Thanks for the offering launaeloise, but as for near to west yorkshire, will have to wait until the van is outfitted, my homestead is in the countryside southeast of Brussels... 
Thanks also for the info both of you... If the 25 Ah / day I computed for the Hydronic form data are confirmed the unit fits in my DC bilan. That one is bit charged on travel days because we intend to depend on electricity (over an inverter) for cooking ( basically reheating canned food and roasting meat) inside the van , with a backup for some more elaborate cooking on either a campinggas or colemanstove on a slideout panel in the rear under the hatch when we stay long enough somewhere to be tempted to that. That makes that with a provision of 2x 100 Ah the bilan fits without less lay-way. Two lines of thought we follow now,

In a stopover "en route" we can just keep the engine running while the microwave or the inductionplate are in use, so lower the burden on the batteries. Your line about the battery meter is fully justified Dave, and that is one of the item to decide on... one step at a time.. but I note the item that gave you satisfaction.

The other line of thougt is that actually we can either dispense unless in extreme circumstances with heating overnight or just keep the unit running continuously at its lowest stand to keep the beer bottles from bursting... might solve the other problem: condensation on outfitter pointed us to while wanting to convince us that after all our van needed a full interior thermal insulation a change of windows and a ventilation hatch in the roof... we intend anyhow to keep to our US army mountaineers down filled sleeping bags for sleeping.. so starting the heater only in the morning might fit the picture.

To come back to hot water, what we look for the moment is some kind of flow-through system. Water reserves will be on the low end from a modal MH user point of view, two 25 l jerrycans, one in use one spare.

Classical electrical flow-throughs are out for burden on the supply as well for capacity and pressure of the water flow, a heat water tank does not fit in the design, what I am looking for is an heat - exchanger to it in the cooling circuit one end and in a water line the other side. The whole small enough to fit in a one or two liter minute hot water supply that matches with availlable water reserves and intended use.

If we went to gas heating a flow through standard gas unit could fit in a "rearhatch - open shower - mild season only concept", with petrol heating and for the less mild season we will have to content with the facilities available either at campsites or roadside for more comfortable I fear.

Well I have been promised to see (hear) a recent Eberspacher hydronic next week.
Kind regards
Marcel


----------



## pomme1 (May 19, 2005)

Marcel,

Over the Easter holiday we were pitched next to a new Autosleeper Trooper/Trident (don't know which!).
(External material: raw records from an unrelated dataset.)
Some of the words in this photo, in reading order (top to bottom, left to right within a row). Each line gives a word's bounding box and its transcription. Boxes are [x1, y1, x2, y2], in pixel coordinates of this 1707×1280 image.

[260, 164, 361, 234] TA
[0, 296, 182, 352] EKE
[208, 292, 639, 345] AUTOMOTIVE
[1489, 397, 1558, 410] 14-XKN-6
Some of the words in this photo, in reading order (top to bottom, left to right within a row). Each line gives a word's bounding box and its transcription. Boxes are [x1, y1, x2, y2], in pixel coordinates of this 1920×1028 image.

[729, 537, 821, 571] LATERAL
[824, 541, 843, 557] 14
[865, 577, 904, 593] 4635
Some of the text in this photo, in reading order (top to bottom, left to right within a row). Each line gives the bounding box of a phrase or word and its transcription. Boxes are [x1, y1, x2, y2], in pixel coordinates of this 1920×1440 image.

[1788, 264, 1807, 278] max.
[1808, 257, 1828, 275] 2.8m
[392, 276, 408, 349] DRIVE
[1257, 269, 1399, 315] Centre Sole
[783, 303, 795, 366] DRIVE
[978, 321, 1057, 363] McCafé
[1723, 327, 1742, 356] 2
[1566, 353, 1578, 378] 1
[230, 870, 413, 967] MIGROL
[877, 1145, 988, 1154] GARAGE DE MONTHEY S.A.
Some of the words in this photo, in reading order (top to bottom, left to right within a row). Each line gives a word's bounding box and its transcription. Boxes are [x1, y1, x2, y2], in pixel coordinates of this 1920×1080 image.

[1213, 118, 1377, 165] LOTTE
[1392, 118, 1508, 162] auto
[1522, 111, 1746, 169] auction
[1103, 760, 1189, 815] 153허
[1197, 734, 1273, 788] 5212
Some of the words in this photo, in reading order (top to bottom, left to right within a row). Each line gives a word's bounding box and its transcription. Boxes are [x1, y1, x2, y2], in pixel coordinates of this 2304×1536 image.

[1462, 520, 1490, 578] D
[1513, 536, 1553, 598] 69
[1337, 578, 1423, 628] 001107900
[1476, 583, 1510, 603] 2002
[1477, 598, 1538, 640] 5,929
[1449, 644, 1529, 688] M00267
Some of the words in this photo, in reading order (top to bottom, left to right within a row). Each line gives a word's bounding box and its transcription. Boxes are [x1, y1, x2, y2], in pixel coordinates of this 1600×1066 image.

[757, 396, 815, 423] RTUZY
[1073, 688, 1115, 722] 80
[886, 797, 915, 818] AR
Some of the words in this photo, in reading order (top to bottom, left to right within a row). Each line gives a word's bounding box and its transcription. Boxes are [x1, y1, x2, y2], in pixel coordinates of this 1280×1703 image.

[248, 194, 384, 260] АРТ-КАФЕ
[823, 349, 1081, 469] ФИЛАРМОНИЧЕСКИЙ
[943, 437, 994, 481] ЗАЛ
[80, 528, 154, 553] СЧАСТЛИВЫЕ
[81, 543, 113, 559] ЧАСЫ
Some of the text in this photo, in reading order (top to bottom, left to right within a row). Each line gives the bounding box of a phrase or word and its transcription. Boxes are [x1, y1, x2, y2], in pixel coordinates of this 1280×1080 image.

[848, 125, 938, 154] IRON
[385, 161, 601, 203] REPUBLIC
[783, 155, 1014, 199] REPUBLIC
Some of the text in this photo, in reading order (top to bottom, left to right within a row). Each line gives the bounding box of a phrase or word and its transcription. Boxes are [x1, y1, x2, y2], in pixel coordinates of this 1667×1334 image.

It had a diesel powered heater which was sufficiently noisy to prevent us from sitting in our awning and could be heard several pitches away. I don't know whether A/S use Eberspacher or Webasto, but this one was certainly unacceptable. I can only imagine what it was like inside the van.

Pomme


----------



## 89043 (May 12, 2005)

*to Pomme*

Thanks Pomme,
One of the problems is if you order "standard from manufacturer" and that counts I know if it is from car base manufactures but likewise for MH outfitters I presume they are all but explicit about what they fit... as far "as something as Webasto or Ebenspacher" is the most explicit our car dealer wants to go (an I know he honestly does not know better until after he sees the car coming in (same goes of course for such "fringes" as alternators... manufactures just play the market and go for what fits their specs and prices... As for the heater i have the alternative to get it retrofitted, and bargaining coming to even a slightly better price than VW charges after discount... less convenient however. What I learned sofar is that the muffler on the exhaust and maybe even the innards of the muffler are "options" anyhow at the level manufactures buy... that might explain why some of the fitted units are noisier than others.

Just adding pro and cons of both systems for the moment. One thing for sure: whatever I buy and where, I want to be fixed about make and brand before I sign and will have to see (and hear a working unit before I go as far as that..

THanks again for the info, and hopefully your next weekend you get more thoughtful neighbors

Marcel


----------